■ ABOUT THIS EXERCISE:
Each line of the material should be set down exactly. Pictures are not part of the copy.

BEGIN

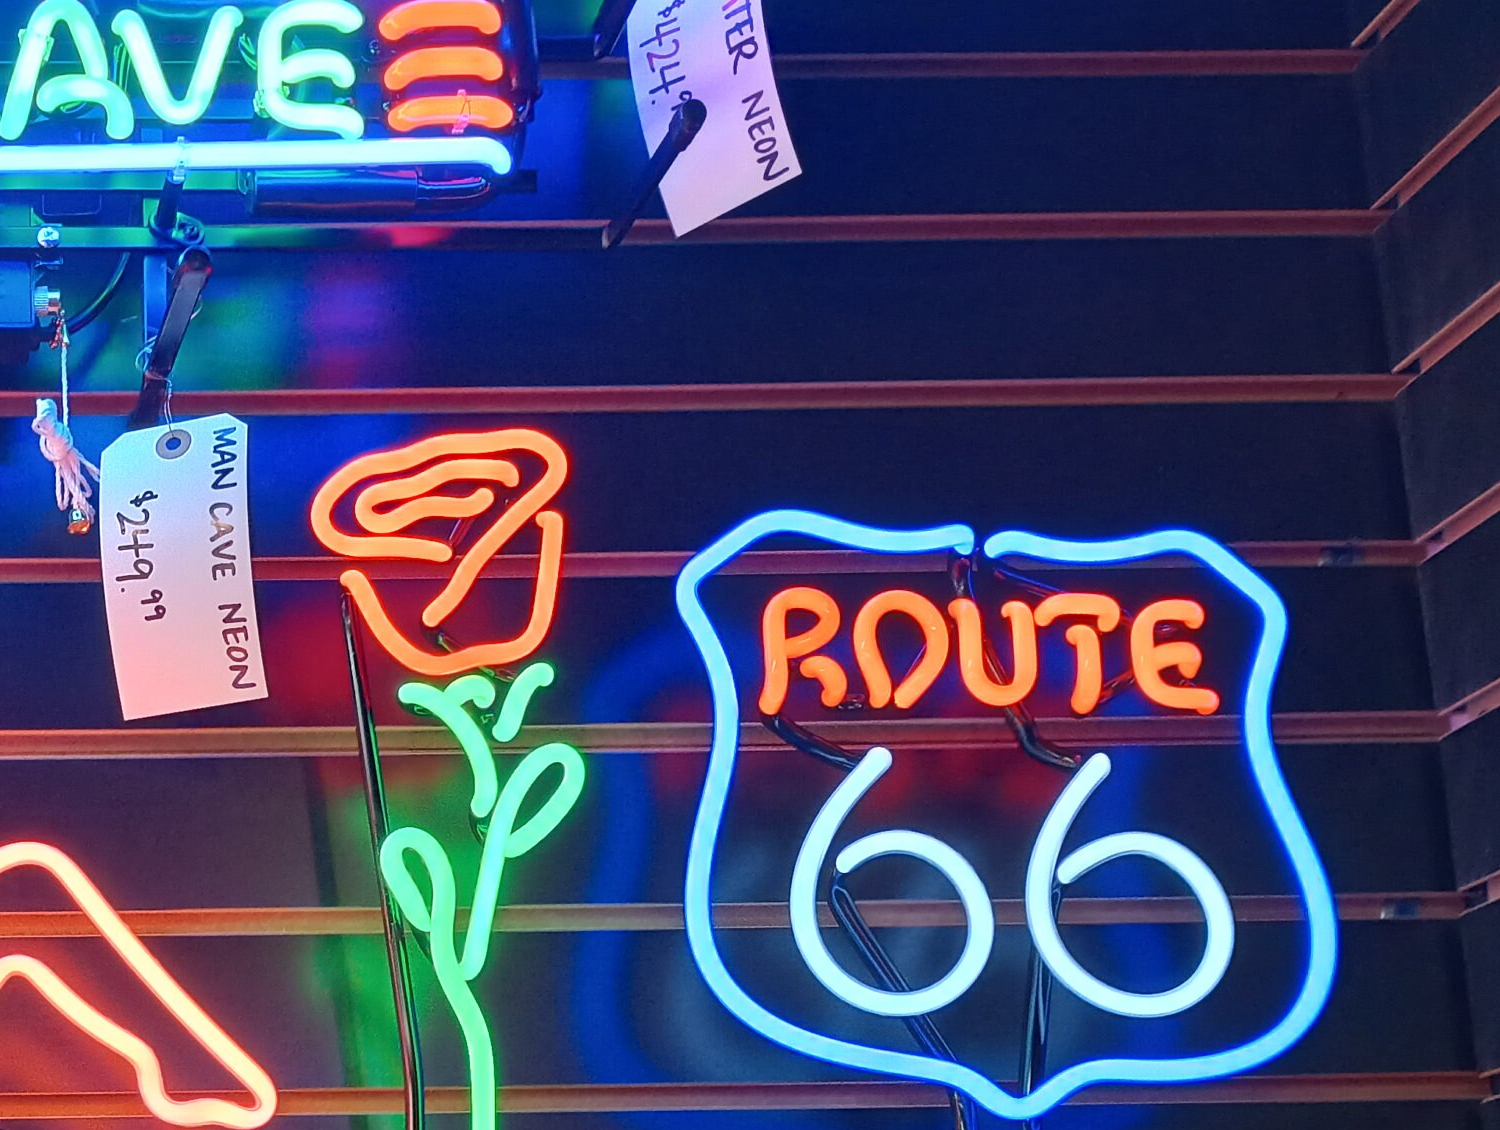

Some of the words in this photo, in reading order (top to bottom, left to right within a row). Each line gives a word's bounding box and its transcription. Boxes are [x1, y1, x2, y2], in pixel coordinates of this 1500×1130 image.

[722, 0, 759, 76] TER
[741, 90, 790, 182] NEON
[211, 426, 238, 490] MAN
[115, 490, 167, 621] $249.99
[209, 502, 237, 581] CAVE
[218, 603, 257, 690] NEON
[759, 585, 1220, 717] ROUTE
[790, 746, 1235, 1017] 66
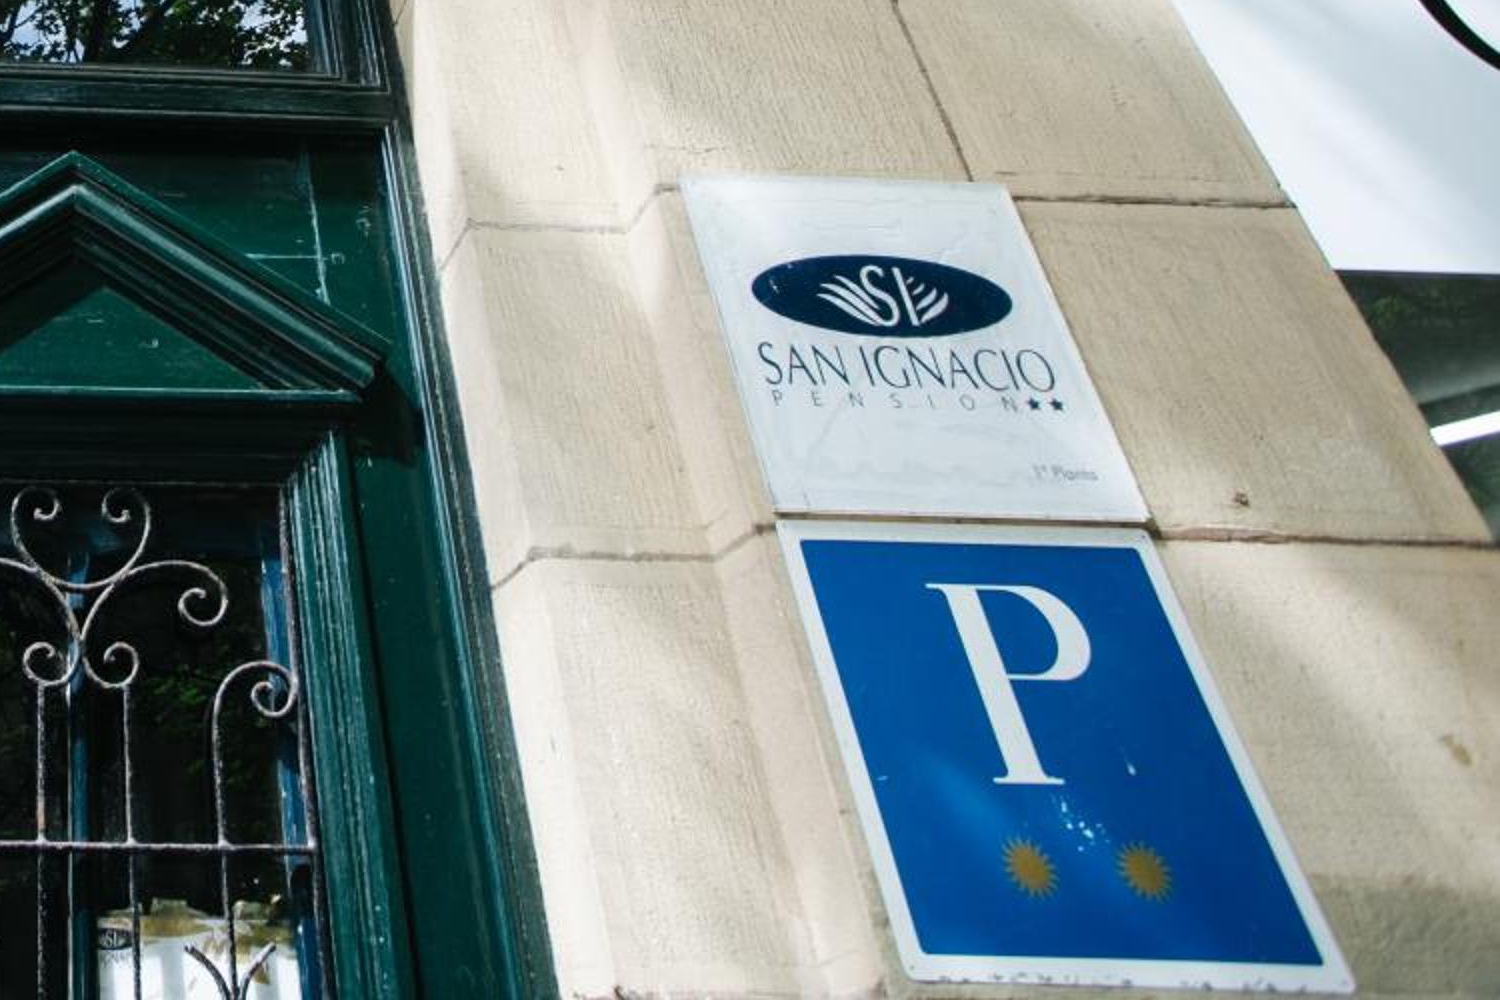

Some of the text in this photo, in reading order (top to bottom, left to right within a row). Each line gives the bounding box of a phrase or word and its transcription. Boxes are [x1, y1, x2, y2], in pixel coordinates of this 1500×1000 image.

[757, 342, 1056, 392] SAN IGNACIO
[924, 582, 1093, 786] P
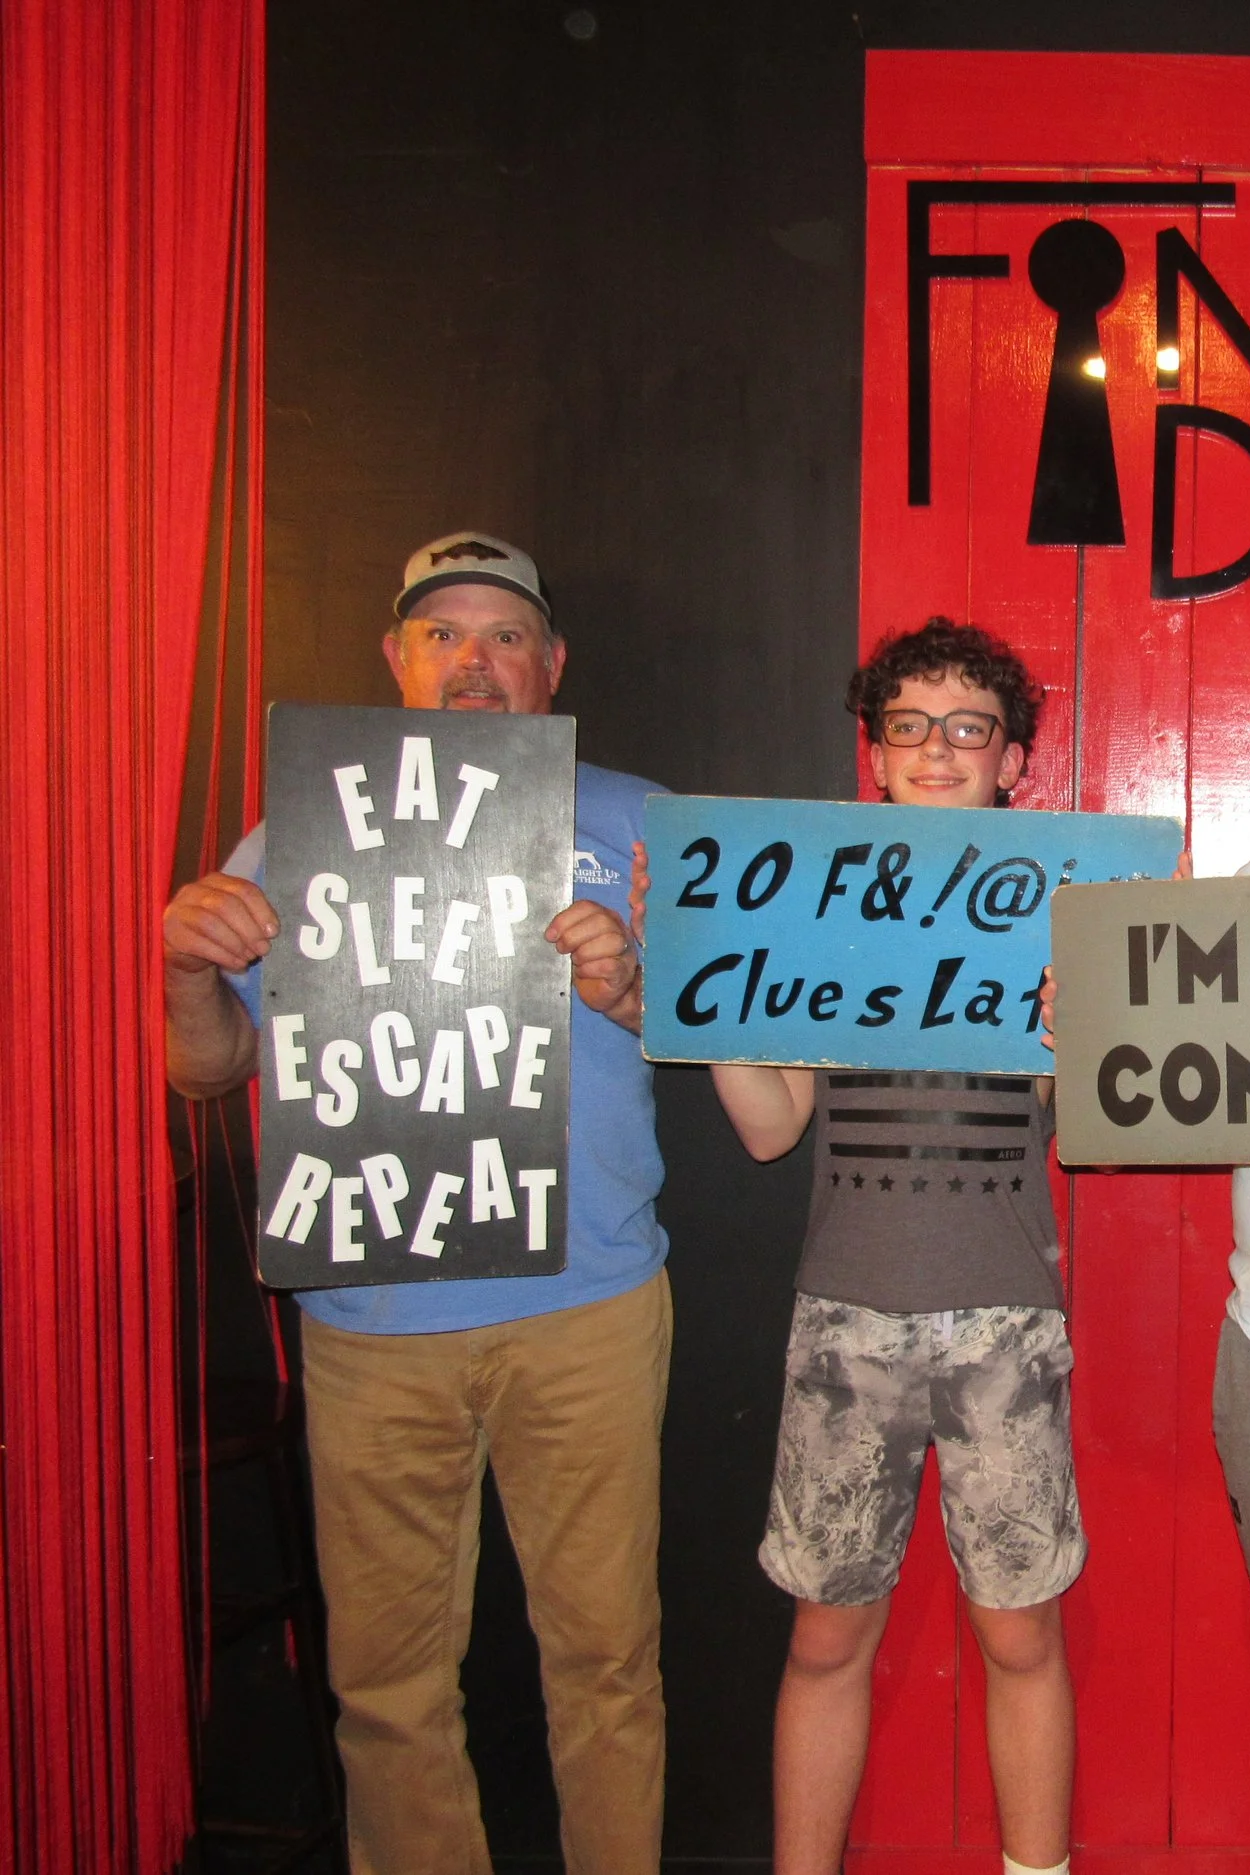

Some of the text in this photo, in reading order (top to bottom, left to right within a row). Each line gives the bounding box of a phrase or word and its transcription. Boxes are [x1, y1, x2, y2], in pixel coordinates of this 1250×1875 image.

END

■ SOLUTION TO THIS TASK:
Some of the words in this photo, in reading order (top to bottom, left to right within a row). Each line gives a word's bounding box and its transcription. Boxes are [x1, y1, x2, y2], in pixel coordinates of this 1500×1130 image.

[722, 0, 759, 76] TER
[741, 90, 790, 182] NEON
[211, 426, 238, 490] MAN
[115, 490, 167, 621] $249.99
[209, 502, 237, 581] CAVE
[218, 603, 257, 690] NEON
[759, 585, 1220, 717] ROUTE
[790, 746, 1235, 1017] 66

Some of the text in this photo, in reading order (top to bottom, left to right within a row). Each line gives the bounding box of a phrase or word and its transcription. Boxes are [x1, y1, x2, y2], in pixel coordinates of this 1500×1000 image.

[757, 342, 1056, 392] SAN IGNACIO
[924, 582, 1093, 786] P

Some of the text in this photo, in reading order (top to bottom, left to right within a row). Each line gives the bounding box of a phrase or word and its transcription. Boxes are [x1, y1, x2, y2], in pixel coordinates of this 1250×1875 image.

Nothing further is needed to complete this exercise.